# Hiking/camping movies



## lewiskk (Dec 20, 2015)

Do you know of some really good/ scary camping or hiking movies ??? 


Sent from my iPhone using Tapatalk


----------



## BillyGoat (Dec 20, 2015)

Wild with Reece Witherspoon.


----------



## 〽❄❅ (Jan 1, 2016)

+ 1 for Wild. 

"A Walk In The Woods", another scary hiking move. If you've done the typical AMC hike you'll know what I mean by scary, lol - 

https://youtu.be/aZMg3_zYPB8


----------



## Edd (Jan 2, 2016)

I love Wild; such a well done film. 

Into the Wild is very good. Not exactly a hiking movie but it's got a "leave civilization behind" vibe.


----------



## lewiskk (Jan 5, 2016)

Seen all of them!

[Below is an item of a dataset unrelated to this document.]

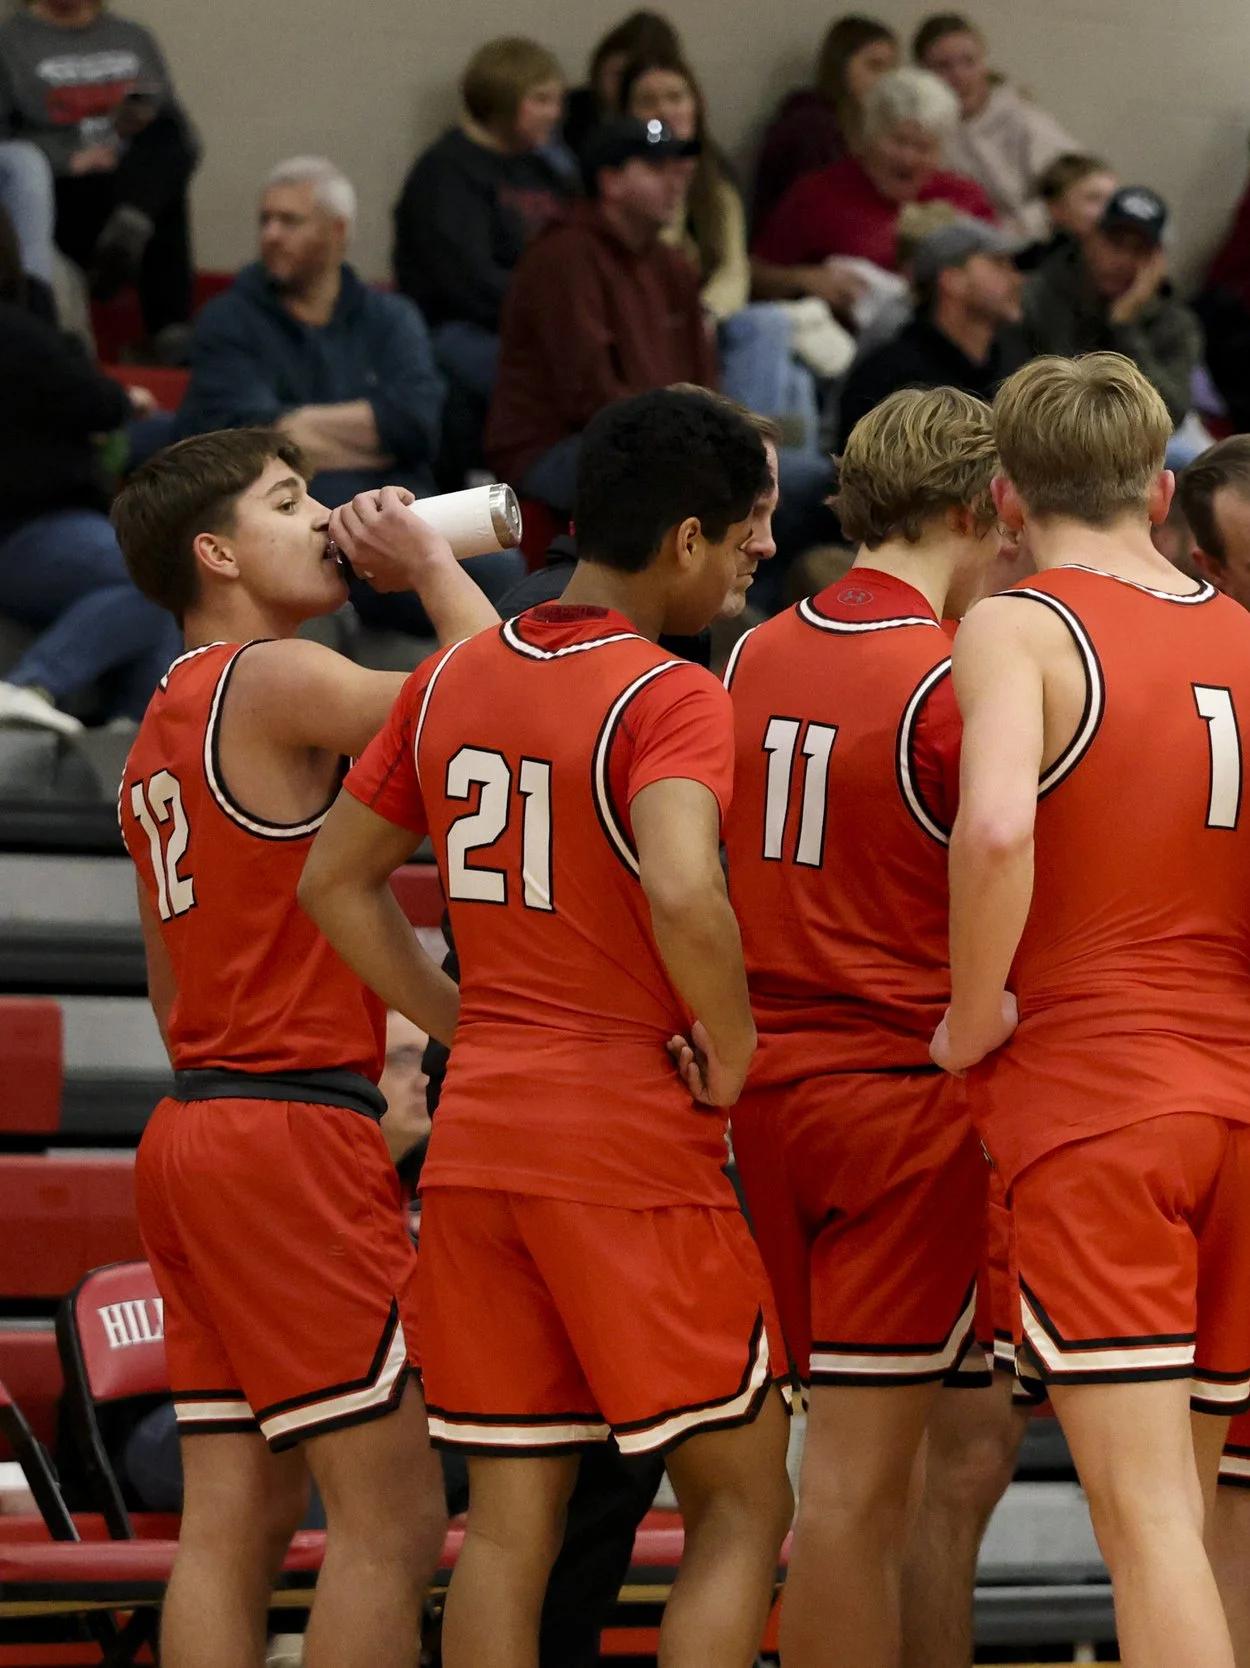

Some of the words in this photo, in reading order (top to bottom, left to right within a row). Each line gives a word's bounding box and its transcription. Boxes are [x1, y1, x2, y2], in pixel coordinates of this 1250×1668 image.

Have u guys seen the Okiee dokiee brothers omg so good!!


Sent from my iPhone using Tapatalk


----------



## lewiskk (Jan 5, 2016)

I've seen them over 10 times


Sent from my iPhone using Tapatalk


----------



## amf (Jan 6, 2016)

Not hiking/camping per se, but I just saw Meru (climbing) and it did include some hiking and camping (albeit on a portaledge). Very well done film without all the usual attendant hype and dramatization. Highly recommended. 

amf


----------



## justin.schwebke (Feb 15, 2016)

Without a Paddle


Sent from my iPhone using Tapatalk


----------



## dlague (Feb 15, 2016)

Blair Witch Project comes to mind.  Not exactly hiking but in the woods!


----------



## Abubob (Feb 15, 2016)

These is pretty bad ...


__
		https://flic.kr/p/9WyjwU


__
		https://flic.kr/p/9Wyfgo


----------



## lewiskk (Feb 15, 2016)

Thanks guys!!!


Sent from my iPhone using Tapatalk


----------



## Johnnyboy (Feb 16, 2016)

TOUCHING THE VOID is an amazing, intense story of survival and will to live.  Great book too.


----------



## Abubob (Feb 17, 2016)

Johnnyboy said:


> TOUCHING THE VOID is an amazing, intense story of survival and will to live.  Great book too.


I was on this "real life tragedy" kick a while back and I read this along with Into Thin Air and Into the Wild. The movie for Thin Air wasn't so good and I never saw the Into the Wild movie. Both the book and movie for Void were gripping. The extras on the DVD are very good too.


----------